Advantageously the step of processing the measurement signal using the
SOC algorithm is performed simultaneously for all battery cells in the battery bank.
Preferably the SOC algorithm determines if the cell voltage is less than a low voltage setting or greater than a high voltage setting, and sets the charge accumulator to 0% or 100% accordingly. Typically the SOC algorithm then calculates a charge stored in each cell. Advantageously the SOC algorithm detects whether or not a current spike has occurred, and if so calculates the internal resistance of each battery cell. An alarm is preferably generated if the calculated resistance is higher than an expected resistance for any cell.
Preferably the SOC algorithm is also used to calculate a standard deviation for the internal voltage of the battery cells and an alarm is generated if the standard deviation for one or more of the cells is outside an expected range.
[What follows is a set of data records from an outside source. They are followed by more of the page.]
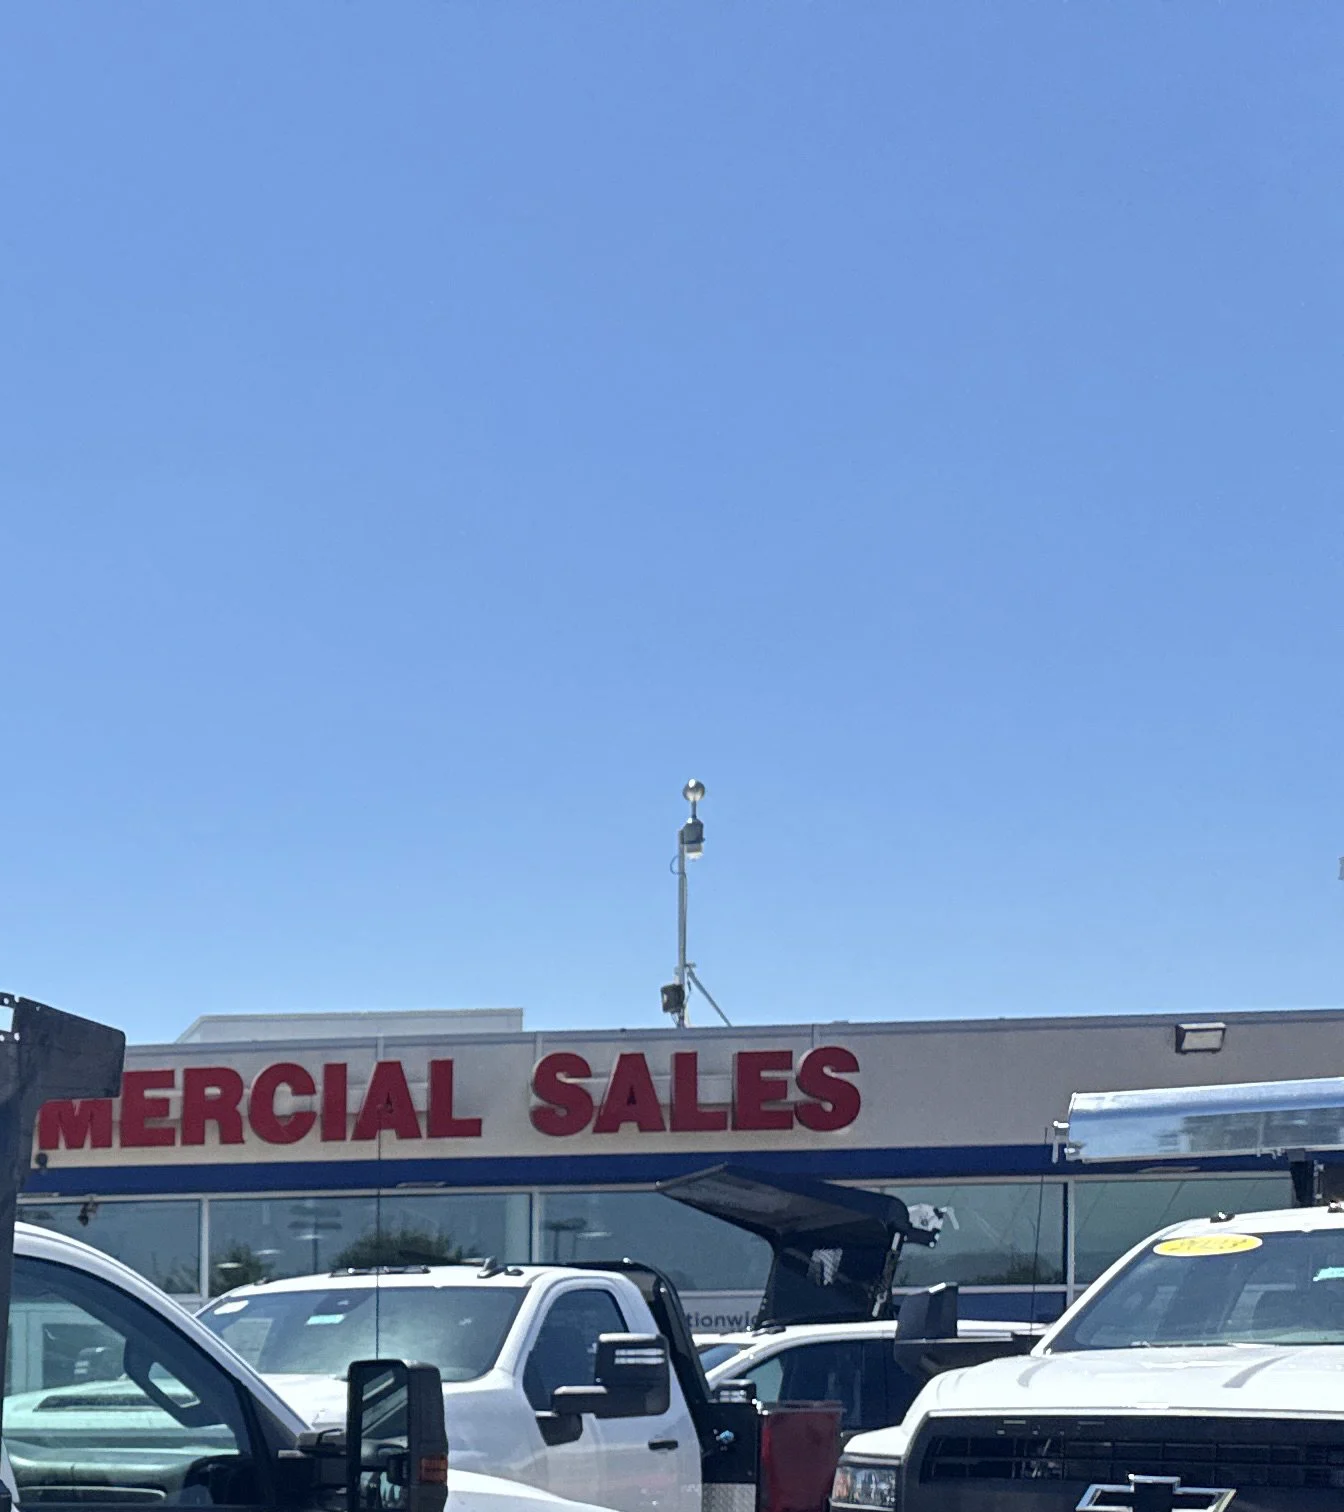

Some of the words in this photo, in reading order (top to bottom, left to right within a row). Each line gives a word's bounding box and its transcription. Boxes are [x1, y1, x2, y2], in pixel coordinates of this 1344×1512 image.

[37, 1059, 482, 1150] MERCIAL
[530, 1046, 861, 1136] SALES
[685, 1310, 758, 1328] tionwi
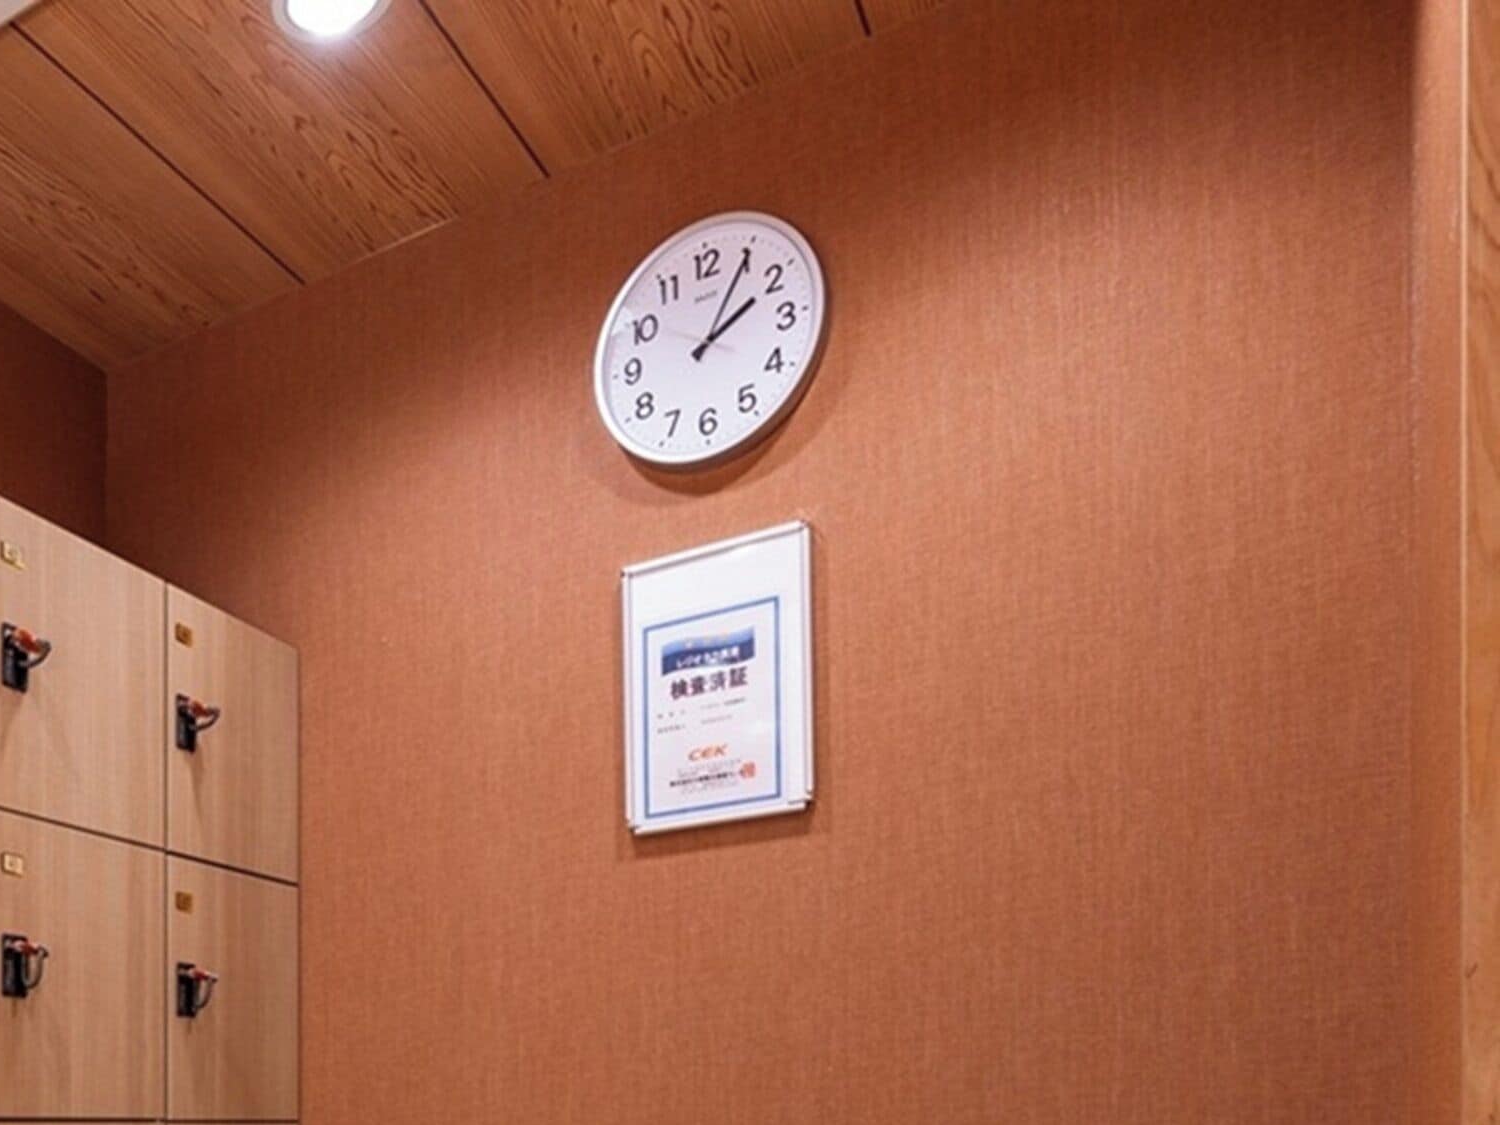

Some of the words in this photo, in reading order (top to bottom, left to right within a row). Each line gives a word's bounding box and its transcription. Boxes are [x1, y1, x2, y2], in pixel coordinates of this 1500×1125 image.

[693, 247, 721, 281] 12
[764, 263, 785, 295] 2
[659, 275, 680, 305] 11
[632, 313, 659, 346] 10
[775, 301, 797, 332] 3
[623, 357, 643, 386] 9
[763, 347, 784, 375] 4
[635, 391, 655, 421] 8
[737, 384, 757, 414] 5
[664, 409, 682, 438] 7
[698, 407, 718, 436] 6
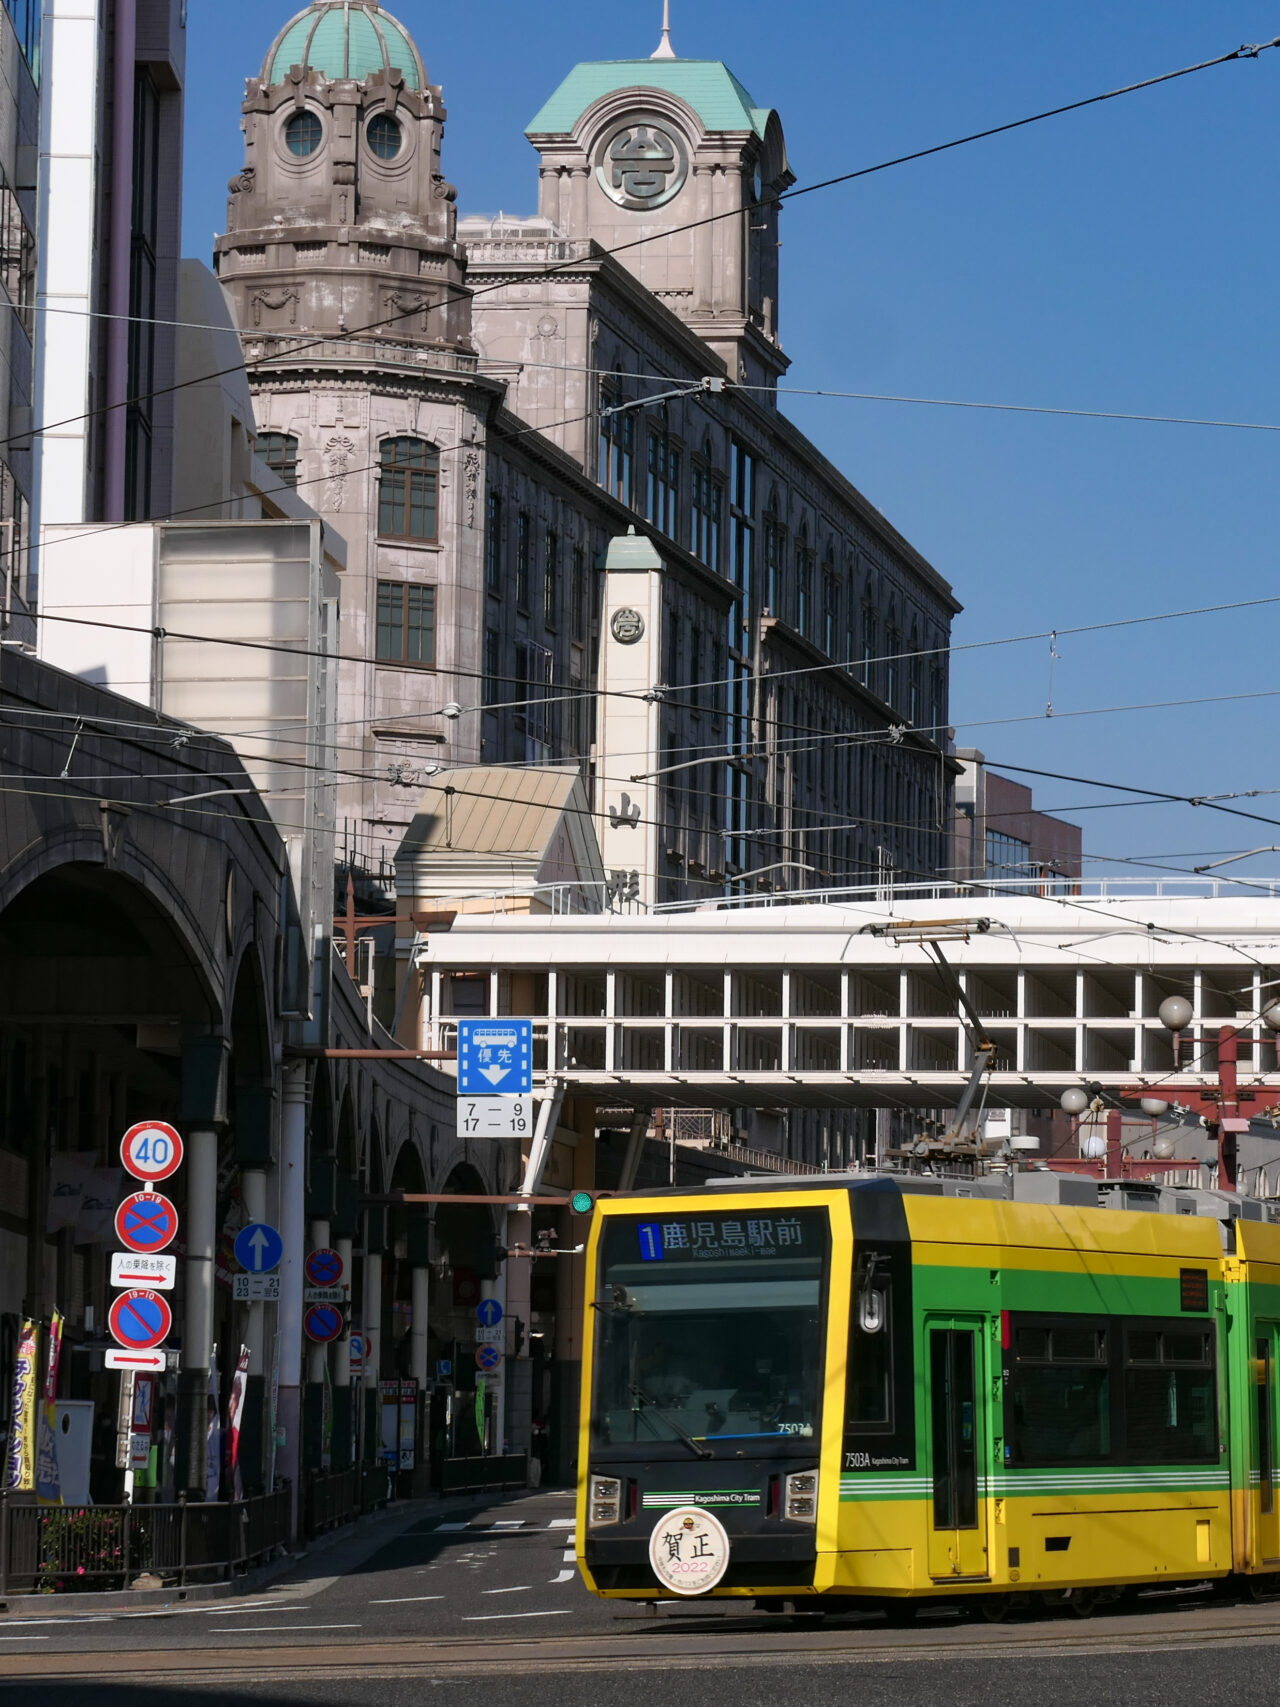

Throughout the specification, unless the context requires otherwise, the word “comprise” or variations such as “comprises” or “comprising”, will be understood to imply the inclusion of a stated integer or group of integers but not the exclusion of any other integer or group of integers. Likewise the word “preferably” or variations such as “preferred”, will be understood to imply that a stated integer or group of integers is desirable but not essential to the working of the invention.
2017272188 05 Dec 2017
Brief Description of the Drawings
The nature of the invention will be better understood from the following detailed description of several specific embodiments of battery monitoring system and method, given by way of example only, with reference to the accompanying drawings, in which:
Figure 1 is schematic diagram of a first embodiment of a battery monitoring system and method according to the present invention;
Figure 2 is functional block diagram of a preferred embodiment of a battery measurement unit (BMU) employed in the battery monitoring system and method of Figure 1; and,
Figure 3 is a flowchart of a preferred embodiment of a state of charge (SOC) algorithm employed in the battery monitoring system and method of Figure 1.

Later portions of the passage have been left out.